Revision as of 13:19, 28 July 2009

Contents


Analysis




Equilibrium

RMSD for individual residues

We aim at finding the average RMSD over time for each residue in the protein using VMD.

1. We load the .psf and .dcd files obtained after the first round of simulation.


2. In the TkCon window type:

source residue_rmsd.tcl
set sel_resid [[atomselect top "protein and alpha"] get resid]

This will get all the residues number of all alpha-carbons in the protein. Since there is just one and only one α-carbon per residue, it is a good option.

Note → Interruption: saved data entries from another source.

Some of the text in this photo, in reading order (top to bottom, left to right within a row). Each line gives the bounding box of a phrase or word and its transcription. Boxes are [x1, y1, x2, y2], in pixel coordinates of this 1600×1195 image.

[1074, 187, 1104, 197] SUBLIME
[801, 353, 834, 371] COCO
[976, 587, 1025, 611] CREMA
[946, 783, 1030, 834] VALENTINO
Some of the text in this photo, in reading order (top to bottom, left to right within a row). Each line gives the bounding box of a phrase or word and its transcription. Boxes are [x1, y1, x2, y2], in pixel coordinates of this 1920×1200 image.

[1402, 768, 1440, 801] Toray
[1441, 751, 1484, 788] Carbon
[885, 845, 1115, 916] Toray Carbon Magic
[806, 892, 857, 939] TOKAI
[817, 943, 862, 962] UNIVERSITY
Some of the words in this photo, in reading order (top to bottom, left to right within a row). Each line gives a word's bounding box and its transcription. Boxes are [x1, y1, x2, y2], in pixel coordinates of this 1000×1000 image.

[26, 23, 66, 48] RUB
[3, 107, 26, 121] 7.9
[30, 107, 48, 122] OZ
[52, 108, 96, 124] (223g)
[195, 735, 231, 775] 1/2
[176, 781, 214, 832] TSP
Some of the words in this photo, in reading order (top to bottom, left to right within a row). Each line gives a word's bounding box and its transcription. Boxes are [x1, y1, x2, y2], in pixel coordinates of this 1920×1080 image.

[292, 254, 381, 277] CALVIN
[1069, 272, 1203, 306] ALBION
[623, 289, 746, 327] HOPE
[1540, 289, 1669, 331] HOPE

3. Now we will calculate the RMSD values of all atoms in the newly created selection:

rmsd residue over time top $sel resid

At the end of the calculation, we have a list of the avergae RMSD per residue (in the file residue_rmsd.dat)


4. In VMD, in Graphics → Representations, do the following actions:

  • create two replicates: protein and resname FMN in selected atoms
  • for the FMN, choose CPK as a drawing method
  • for the protein, choose tube as drawing method, and user as coloring method. Now click on the Trajectory tab, and in the Color Scale Data Range, type 0.40 and 1.00.
Vmd color.png

The protein is colored according to its average RMSD values. The residues displayed in blue are more mobile while the ones in red move less.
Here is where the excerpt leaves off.